### Activity
Print the records below exactly; all of them are needed.

■ ■ ■ ■

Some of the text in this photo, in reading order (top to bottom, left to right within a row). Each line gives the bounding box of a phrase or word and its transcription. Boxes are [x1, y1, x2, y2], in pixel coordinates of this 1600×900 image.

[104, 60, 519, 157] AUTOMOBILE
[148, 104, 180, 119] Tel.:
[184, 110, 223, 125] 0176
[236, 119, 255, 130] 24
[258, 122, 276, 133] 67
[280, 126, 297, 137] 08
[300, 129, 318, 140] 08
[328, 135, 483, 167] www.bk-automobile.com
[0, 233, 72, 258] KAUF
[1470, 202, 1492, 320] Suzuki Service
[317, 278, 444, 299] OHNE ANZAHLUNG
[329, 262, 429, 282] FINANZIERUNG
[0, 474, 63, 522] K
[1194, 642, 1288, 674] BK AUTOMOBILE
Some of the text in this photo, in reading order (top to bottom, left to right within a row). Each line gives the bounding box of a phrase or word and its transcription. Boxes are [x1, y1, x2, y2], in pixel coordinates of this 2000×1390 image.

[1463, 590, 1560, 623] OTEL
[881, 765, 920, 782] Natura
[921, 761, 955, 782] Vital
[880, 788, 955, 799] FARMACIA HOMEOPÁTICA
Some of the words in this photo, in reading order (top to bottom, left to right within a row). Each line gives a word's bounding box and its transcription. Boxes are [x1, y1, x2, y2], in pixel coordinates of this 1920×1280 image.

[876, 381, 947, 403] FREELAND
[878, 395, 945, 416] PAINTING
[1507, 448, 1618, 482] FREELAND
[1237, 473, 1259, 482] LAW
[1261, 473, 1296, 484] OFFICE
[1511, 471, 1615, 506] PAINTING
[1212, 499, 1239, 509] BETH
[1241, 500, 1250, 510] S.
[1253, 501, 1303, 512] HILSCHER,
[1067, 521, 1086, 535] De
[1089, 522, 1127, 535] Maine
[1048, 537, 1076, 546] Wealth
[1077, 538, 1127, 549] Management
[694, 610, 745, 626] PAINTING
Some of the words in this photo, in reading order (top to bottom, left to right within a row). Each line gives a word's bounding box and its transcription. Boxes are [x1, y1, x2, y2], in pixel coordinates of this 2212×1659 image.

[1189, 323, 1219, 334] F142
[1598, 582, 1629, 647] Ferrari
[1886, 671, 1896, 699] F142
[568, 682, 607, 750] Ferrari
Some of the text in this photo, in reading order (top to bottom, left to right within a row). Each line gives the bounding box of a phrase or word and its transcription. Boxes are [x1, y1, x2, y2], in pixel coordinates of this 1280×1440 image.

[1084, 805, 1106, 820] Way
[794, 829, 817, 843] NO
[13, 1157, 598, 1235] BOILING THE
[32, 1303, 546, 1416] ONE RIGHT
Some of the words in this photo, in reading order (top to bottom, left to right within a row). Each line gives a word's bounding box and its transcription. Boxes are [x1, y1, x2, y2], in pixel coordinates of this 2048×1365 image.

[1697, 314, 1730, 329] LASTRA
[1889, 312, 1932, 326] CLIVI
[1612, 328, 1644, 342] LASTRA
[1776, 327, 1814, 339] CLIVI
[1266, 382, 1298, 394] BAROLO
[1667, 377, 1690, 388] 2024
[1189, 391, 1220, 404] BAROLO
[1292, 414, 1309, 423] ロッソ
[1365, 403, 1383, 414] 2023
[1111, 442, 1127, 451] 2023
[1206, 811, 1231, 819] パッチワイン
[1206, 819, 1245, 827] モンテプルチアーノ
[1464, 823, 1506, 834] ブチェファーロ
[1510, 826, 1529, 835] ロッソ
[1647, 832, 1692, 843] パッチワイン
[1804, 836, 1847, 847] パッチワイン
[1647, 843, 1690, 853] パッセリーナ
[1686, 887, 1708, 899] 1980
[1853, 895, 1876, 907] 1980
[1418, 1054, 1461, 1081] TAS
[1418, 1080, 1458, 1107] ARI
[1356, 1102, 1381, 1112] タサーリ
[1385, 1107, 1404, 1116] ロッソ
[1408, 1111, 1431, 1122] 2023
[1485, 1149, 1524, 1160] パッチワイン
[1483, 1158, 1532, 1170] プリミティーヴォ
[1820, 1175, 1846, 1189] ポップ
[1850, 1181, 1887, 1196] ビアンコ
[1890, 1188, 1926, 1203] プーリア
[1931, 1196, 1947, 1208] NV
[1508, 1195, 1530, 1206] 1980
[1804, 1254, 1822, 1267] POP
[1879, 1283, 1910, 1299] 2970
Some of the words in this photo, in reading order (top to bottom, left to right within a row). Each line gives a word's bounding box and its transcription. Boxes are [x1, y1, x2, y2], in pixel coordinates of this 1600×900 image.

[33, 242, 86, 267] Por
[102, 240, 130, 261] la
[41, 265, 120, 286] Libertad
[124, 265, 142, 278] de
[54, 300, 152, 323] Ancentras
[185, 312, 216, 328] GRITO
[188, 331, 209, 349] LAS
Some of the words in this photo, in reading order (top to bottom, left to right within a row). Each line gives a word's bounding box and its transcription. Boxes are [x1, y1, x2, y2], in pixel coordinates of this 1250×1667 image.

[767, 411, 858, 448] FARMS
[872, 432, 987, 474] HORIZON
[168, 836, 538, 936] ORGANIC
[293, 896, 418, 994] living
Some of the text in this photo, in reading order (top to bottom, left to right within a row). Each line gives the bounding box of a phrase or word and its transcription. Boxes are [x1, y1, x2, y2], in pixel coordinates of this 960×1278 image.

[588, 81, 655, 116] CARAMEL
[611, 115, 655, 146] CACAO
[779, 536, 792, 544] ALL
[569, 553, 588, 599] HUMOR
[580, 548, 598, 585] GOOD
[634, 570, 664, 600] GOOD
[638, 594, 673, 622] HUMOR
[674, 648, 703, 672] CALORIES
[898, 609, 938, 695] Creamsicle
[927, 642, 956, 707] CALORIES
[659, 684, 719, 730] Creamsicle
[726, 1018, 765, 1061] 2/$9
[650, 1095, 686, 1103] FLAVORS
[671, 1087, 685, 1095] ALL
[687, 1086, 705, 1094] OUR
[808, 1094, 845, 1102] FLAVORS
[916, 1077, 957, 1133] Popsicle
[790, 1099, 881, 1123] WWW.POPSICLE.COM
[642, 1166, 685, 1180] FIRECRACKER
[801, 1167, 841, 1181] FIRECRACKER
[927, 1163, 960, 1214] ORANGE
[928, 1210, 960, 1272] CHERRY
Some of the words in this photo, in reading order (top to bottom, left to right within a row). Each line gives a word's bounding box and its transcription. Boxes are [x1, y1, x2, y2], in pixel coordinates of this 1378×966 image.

■ ■ ■ ■

### Response area
Some of the text in this photo, in reading order (top to bottom, left to right within a row). Each line gives the bounding box of a phrase or word and its transcription. Boxes are [x1, y1, x2, y2], in pixel coordinates of this 1600×900 image.

[104, 60, 519, 157] AUTOMOBILE
[148, 104, 180, 119] Tel.:
[184, 110, 223, 125] 0176
[236, 119, 255, 130] 24
[258, 122, 276, 133] 67
[280, 126, 297, 137] 08
[300, 129, 318, 140] 08
[328, 135, 483, 167] www.bk-automobile.com
[0, 233, 72, 258] KAUF
[1470, 202, 1492, 320] Suzuki Service
[317, 278, 444, 299] OHNE ANZAHLUNG
[329, 262, 429, 282] FINANZIERUNG
[0, 474, 63, 522] K
[1194, 642, 1288, 674] BK AUTOMOBILE
Some of the text in this photo, in reading order (top to bottom, left to right within a row). Each line gives the bounding box of a phrase or word and its transcription. Boxes are [x1, y1, x2, y2], in pixel coordinates of this 2000×1390 image.

[1463, 590, 1560, 623] OTEL
[881, 765, 920, 782] Natura
[921, 761, 955, 782] Vital
[880, 788, 955, 799] FARMACIA HOMEOPÁTICA
Some of the words in this photo, in reading order (top to bottom, left to right within a row). Each line gives a word's bounding box and its transcription. Boxes are [x1, y1, x2, y2], in pixel coordinates of this 1920×1280 image.

[876, 381, 947, 403] FREELAND
[878, 395, 945, 416] PAINTING
[1507, 448, 1618, 482] FREELAND
[1237, 473, 1259, 482] LAW
[1261, 473, 1296, 484] OFFICE
[1511, 471, 1615, 506] PAINTING
[1212, 499, 1239, 509] BETH
[1241, 500, 1250, 510] S.
[1253, 501, 1303, 512] HILSCHER,
[1067, 521, 1086, 535] De
[1089, 522, 1127, 535] Maine
[1048, 537, 1076, 546] Wealth
[1077, 538, 1127, 549] Management
[694, 610, 745, 626] PAINTING
Some of the words in this photo, in reading order (top to bottom, left to right within a row). Each line gives a word's bounding box and its transcription. Boxes are [x1, y1, x2, y2], in pixel coordinates of this 2212×1659 image.

[1189, 323, 1219, 334] F142
[1598, 582, 1629, 647] Ferrari
[1886, 671, 1896, 699] F142
[568, 682, 607, 750] Ferrari
Some of the text in this photo, in reading order (top to bottom, left to right within a row). Each line gives the bounding box of a phrase or word and its transcription. Boxes are [x1, y1, x2, y2], in pixel coordinates of this 1280×1440 image.

[1084, 805, 1106, 820] Way
[794, 829, 817, 843] NO
[13, 1157, 598, 1235] BOILING THE
[32, 1303, 546, 1416] ONE RIGHT
Some of the words in this photo, in reading order (top to bottom, left to right within a row). Each line gives a word's bounding box and its transcription. Boxes are [x1, y1, x2, y2], in pixel coordinates of this 2048×1365 image.

[1697, 314, 1730, 329] LASTRA
[1889, 312, 1932, 326] CLIVI
[1612, 328, 1644, 342] LASTRA
[1776, 327, 1814, 339] CLIVI
[1266, 382, 1298, 394] BAROLO
[1667, 377, 1690, 388] 2024
[1189, 391, 1220, 404] BAROLO
[1292, 414, 1309, 423] ロッソ
[1365, 403, 1383, 414] 2023
[1111, 442, 1127, 451] 2023
[1206, 811, 1231, 819] パッチワイン
[1206, 819, 1245, 827] モンテプルチアーノ
[1464, 823, 1506, 834] ブチェファーロ
[1510, 826, 1529, 835] ロッソ
[1647, 832, 1692, 843] パッチワイン
[1804, 836, 1847, 847] パッチワイン
[1647, 843, 1690, 853] パッセリーナ
[1686, 887, 1708, 899] 1980
[1853, 895, 1876, 907] 1980
[1418, 1054, 1461, 1081] TAS
[1418, 1080, 1458, 1107] ARI
[1356, 1102, 1381, 1112] タサーリ
[1385, 1107, 1404, 1116] ロッソ
[1408, 1111, 1431, 1122] 2023
[1485, 1149, 1524, 1160] パッチワイン
[1483, 1158, 1532, 1170] プリミティーヴォ
[1820, 1175, 1846, 1189] ポップ
[1850, 1181, 1887, 1196] ビアンコ
[1890, 1188, 1926, 1203] プーリア
[1931, 1196, 1947, 1208] NV
[1508, 1195, 1530, 1206] 1980
[1804, 1254, 1822, 1267] POP
[1879, 1283, 1910, 1299] 2970
Some of the words in this photo, in reading order (top to bottom, left to right within a row). Each line gives a word's bounding box and its transcription. Boxes are [x1, y1, x2, y2], in pixel coordinates of this 1600×900 image.

[33, 242, 86, 267] Por
[102, 240, 130, 261] la
[41, 265, 120, 286] Libertad
[124, 265, 142, 278] de
[54, 300, 152, 323] Ancentras
[185, 312, 216, 328] GRITO
[188, 331, 209, 349] LAS
Some of the words in this photo, in reading order (top to bottom, left to right within a row). Each line gives a word's bounding box and its transcription. Boxes are [x1, y1, x2, y2], in pixel coordinates of this 1250×1667 image.

[767, 411, 858, 448] FARMS
[872, 432, 987, 474] HORIZON
[168, 836, 538, 936] ORGANIC
[293, 896, 418, 994] living
Some of the text in this photo, in reading order (top to bottom, left to right within a row). Each line gives the bounding box of a phrase or word and its transcription. Boxes are [x1, y1, x2, y2], in pixel coordinates of this 960×1278 image.

[588, 81, 655, 116] CARAMEL
[611, 115, 655, 146] CACAO
[779, 536, 792, 544] ALL
[569, 553, 588, 599] HUMOR
[580, 548, 598, 585] GOOD
[634, 570, 664, 600] GOOD
[638, 594, 673, 622] HUMOR
[674, 648, 703, 672] CALORIES
[898, 609, 938, 695] Creamsicle
[927, 642, 956, 707] CALORIES
[659, 684, 719, 730] Creamsicle
[726, 1018, 765, 1061] 2/$9
[650, 1095, 686, 1103] FLAVORS
[671, 1087, 685, 1095] ALL
[687, 1086, 705, 1094] OUR
[808, 1094, 845, 1102] FLAVORS
[916, 1077, 957, 1133] Popsicle
[790, 1099, 881, 1123] WWW.POPSICLE.COM
[642, 1166, 685, 1180] FIRECRACKER
[801, 1167, 841, 1181] FIRECRACKER
[927, 1163, 960, 1214] ORANGE
[928, 1210, 960, 1272] CHERRY
Some of the words in this photo, in reading order (top to bottom, left to right within a row). Each line gives a word's bounding box and its transcription. Boxes are [x1, y1, x2, y2], in pixel coordinates of this 1378×966 image.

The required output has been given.